Examples for modern memory-hard hash functions are scrypt and argon2. I prefer the latter, as it's easy to reason about its parameters:
- it uses
mKiB amount of RAM
- writes it
- with at most
In encoded form:
v is the version, the first part between
$...$ is the salt, and the rest is the encoded hash).
Notice the salt: this is generated for each password. Adding this forces an attacker to crack each password individually.
Bottom line: use a memory-hard hashing algorithm for low-entropy passwords.
Hashing high-entropy passwords
Much rarer, but still happens is when you know the password is high-entropy. This is the case for generated tokens, or for passwords that are generated and stored in a vault (such as a password manager).
Since the password is high-entropy, the hash is also high-entropy.

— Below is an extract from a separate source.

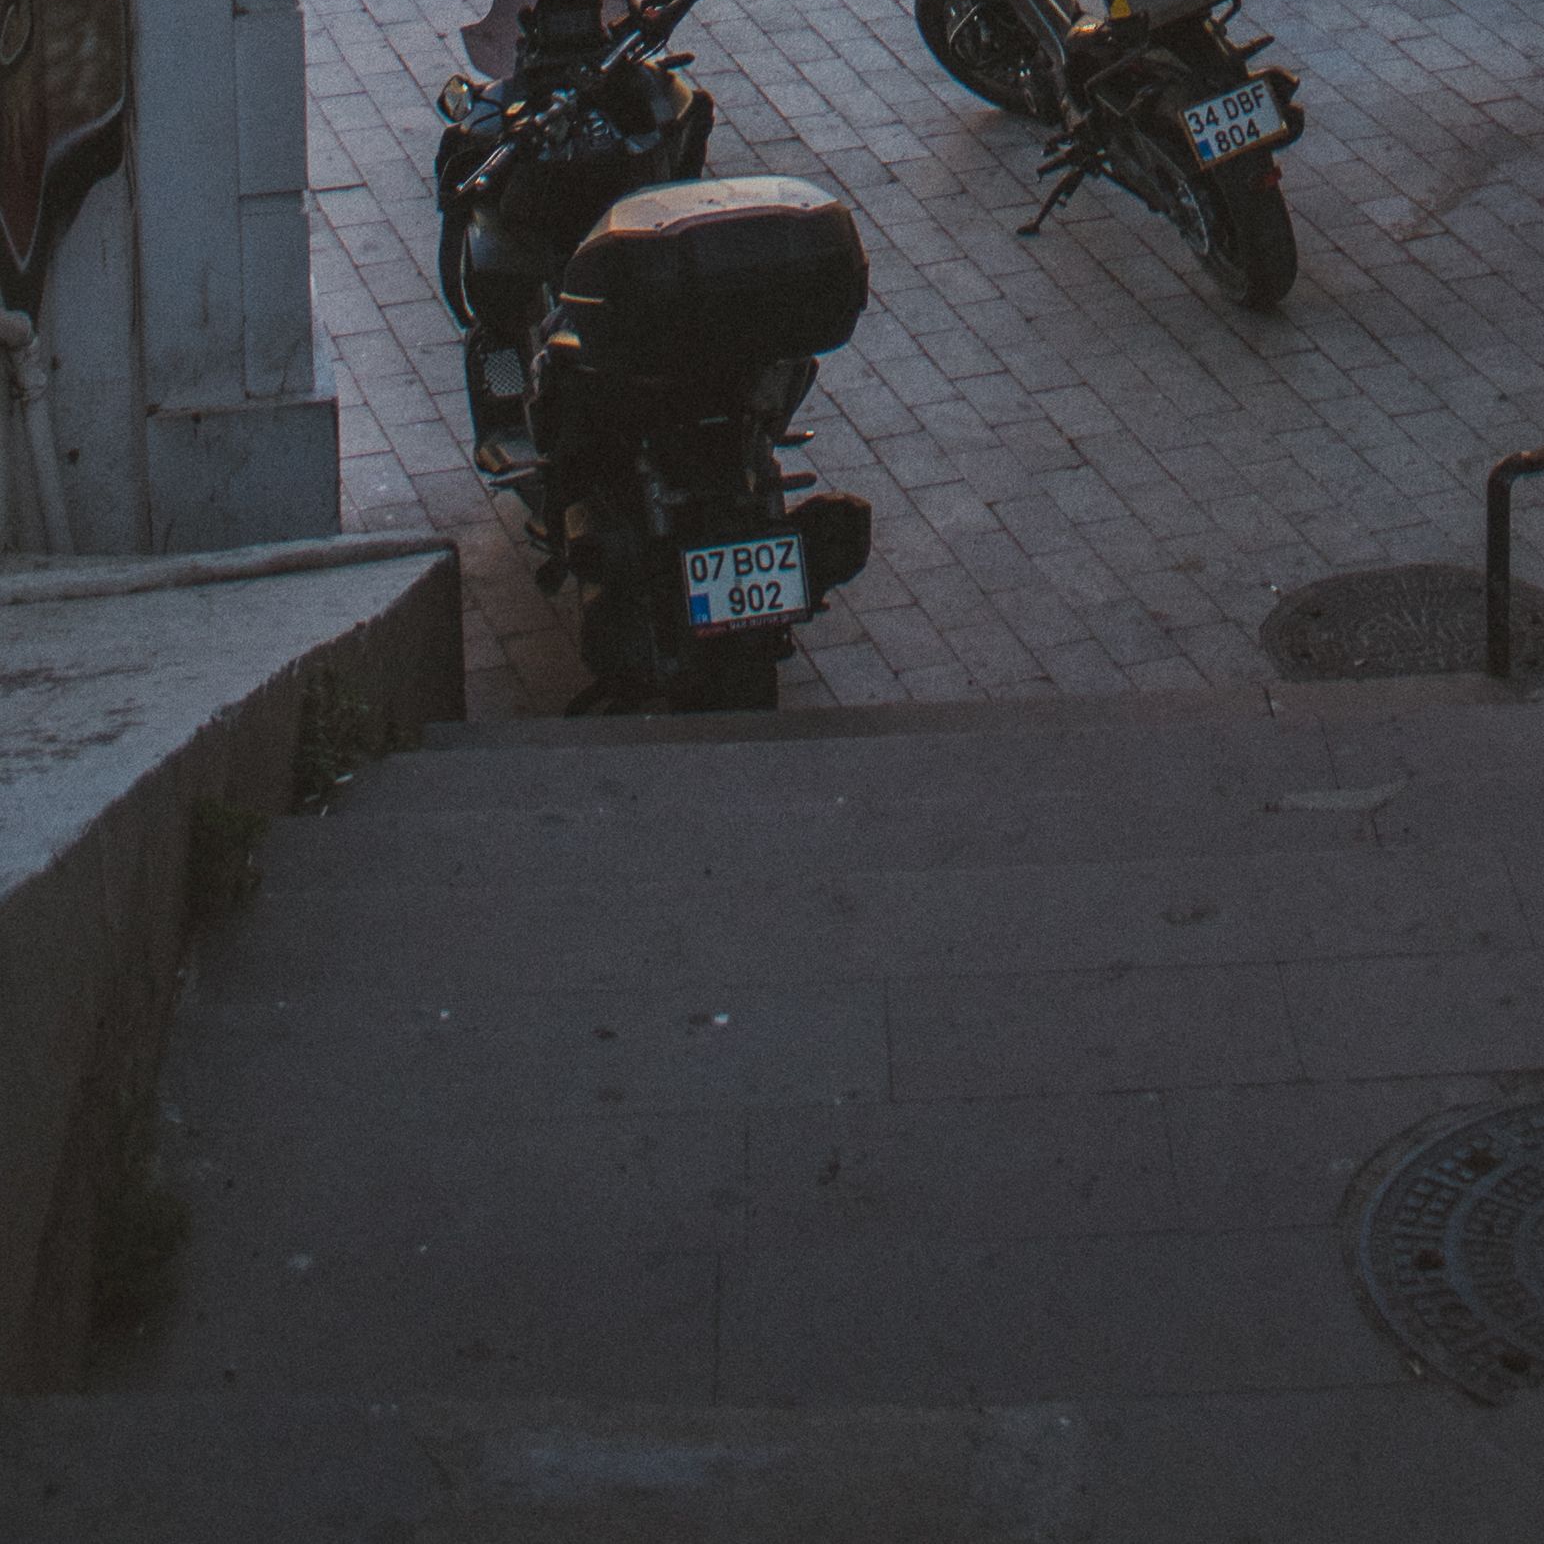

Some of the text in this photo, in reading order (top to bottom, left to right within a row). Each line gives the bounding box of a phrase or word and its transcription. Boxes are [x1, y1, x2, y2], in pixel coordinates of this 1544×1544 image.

An attacker needs to enumerate all the possible values (statistically, half) to find the password.
In this case, it does not matter what algorithm you use or even if you add salt or not. Even unsalted MD5 is good in this case.

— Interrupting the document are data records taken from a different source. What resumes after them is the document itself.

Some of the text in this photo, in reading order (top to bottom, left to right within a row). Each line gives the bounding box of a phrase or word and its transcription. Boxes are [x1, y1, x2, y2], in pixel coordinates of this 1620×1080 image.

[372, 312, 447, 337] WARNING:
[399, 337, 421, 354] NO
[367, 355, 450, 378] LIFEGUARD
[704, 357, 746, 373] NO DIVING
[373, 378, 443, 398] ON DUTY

When not to hash passwords
Finally, there is a case where hashing passwords is not the good choice. I mention this as I saw it several times and even developed one such system myself before I realized I made a mistake.
When users log in, they send their passwords to the service that check them against a database. By default, the password is sent plain-text, then the service hashes it, then compares with the stored value. The problem is that the password is visible in the browser devtools.
This prompts this thought: why not hash the password on the client-side so that it's not visible on the wire?
So an implementation would work like this:
- The user enters the password
- The frontend hashes it, then sends to the backend
- The backend rehashes and compares the hash with the stored value
The problem is that if an attacker can get the hash of the password they can log in. This is because they can send the hash directly and the backend will be happy to let them in. In effect, the password is now not the text the user enters but the hash of it. And it means that anyone who has the hash will be able to log in.
This is called security theater: You don't see the value on the devtools but it doesn't provide any security benefits. Worse still, if the backend does not rehash the incoming value, you are effectively store passwords in plain-text.
If it bothers you that the password goes on the wire in plain-text (which is not a problem when you use TLS), you can implement a protocol that is specifically designed to solve this, such as SRP.